#### PROBLEM TO WORK ON
Copy every line of the data below exactly as given, except for the pictures.

#### SOURCE DATA
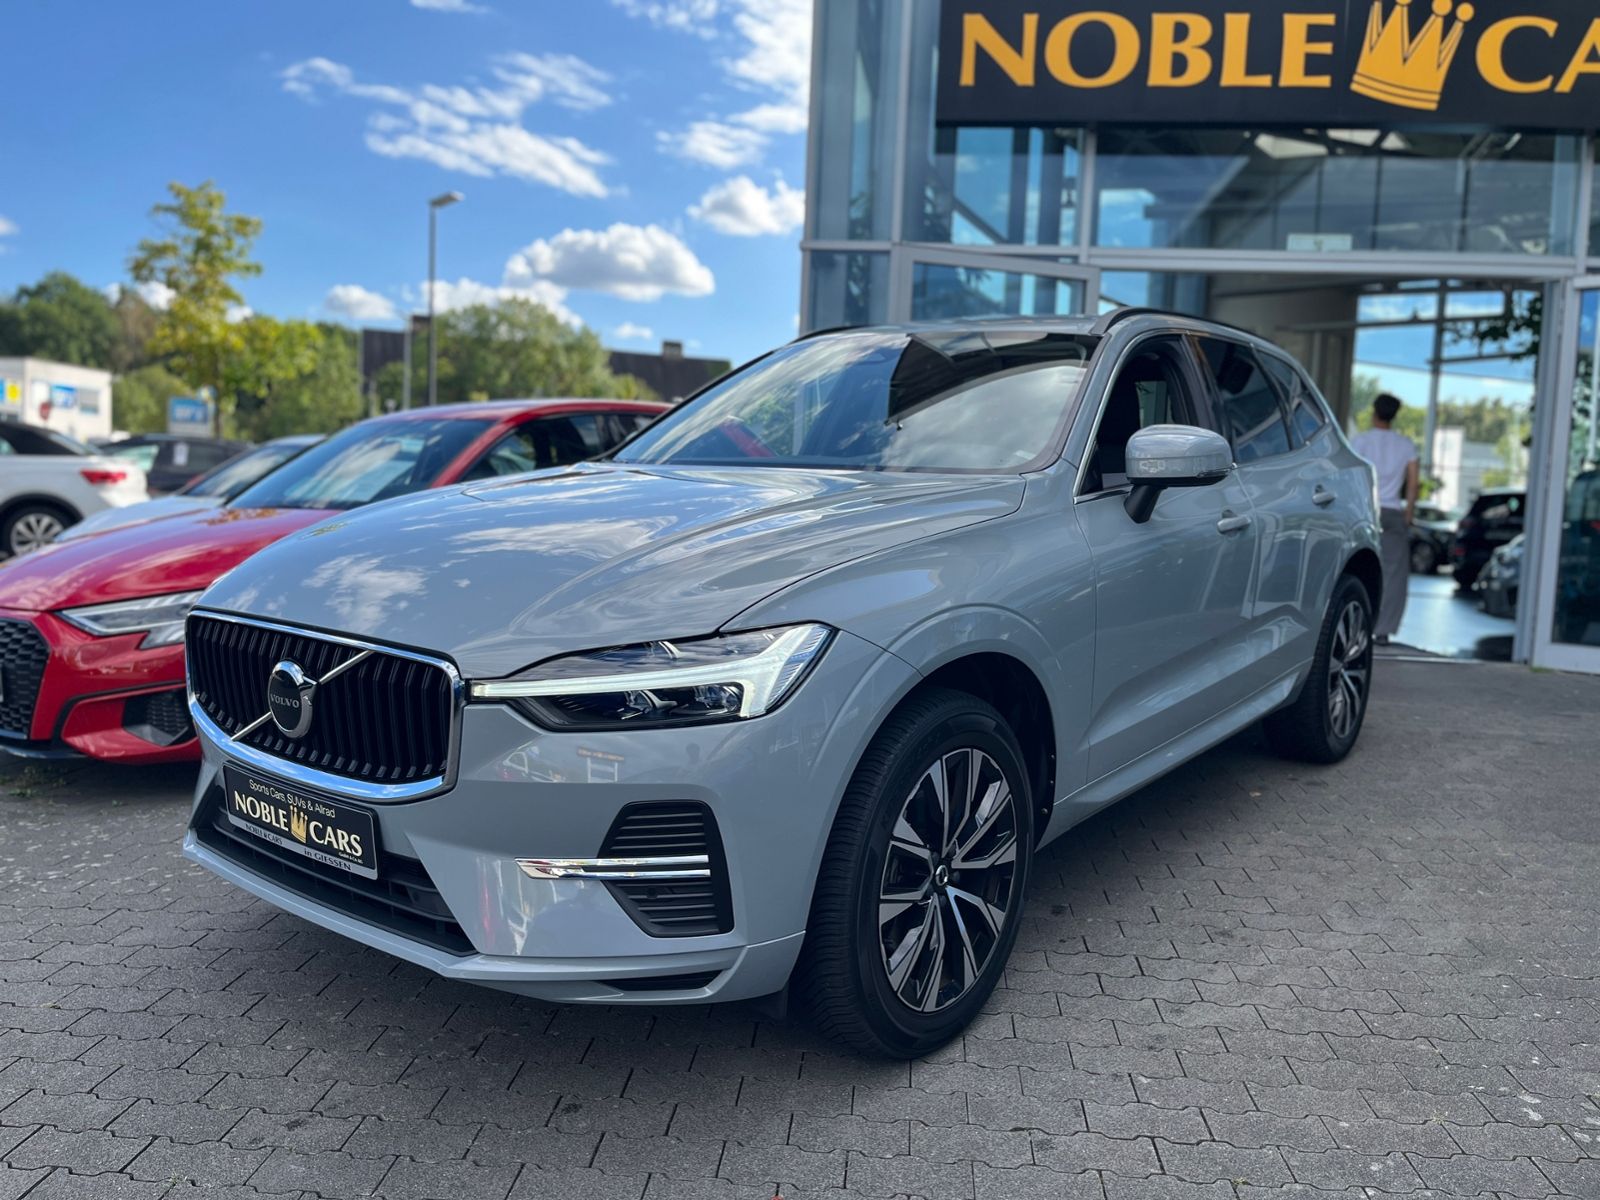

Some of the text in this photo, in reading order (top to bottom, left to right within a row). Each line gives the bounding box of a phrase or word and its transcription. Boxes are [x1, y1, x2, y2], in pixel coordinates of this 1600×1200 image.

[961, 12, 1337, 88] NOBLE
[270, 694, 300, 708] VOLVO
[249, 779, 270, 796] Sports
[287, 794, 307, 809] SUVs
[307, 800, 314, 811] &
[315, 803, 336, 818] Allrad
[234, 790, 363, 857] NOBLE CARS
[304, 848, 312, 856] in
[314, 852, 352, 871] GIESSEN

#### OUTPUT OF THE TASK
Some of the text in this photo, in reading order (top to bottom, left to right within a row). Each line gives the bounding box of a phrase or word and its transcription. Boxes are [x1, y1, x2, y2], in pixel coordinates of this 1600×1200 image.

[961, 12, 1337, 88] NOBLE
[270, 694, 300, 708] VOLVO
[249, 779, 270, 796] Sports
[287, 794, 307, 809] SUVs
[307, 800, 314, 811] &
[315, 803, 336, 818] Allrad
[234, 790, 363, 857] NOBLE CARS
[304, 848, 312, 856] in
[314, 852, 352, 871] GIESSEN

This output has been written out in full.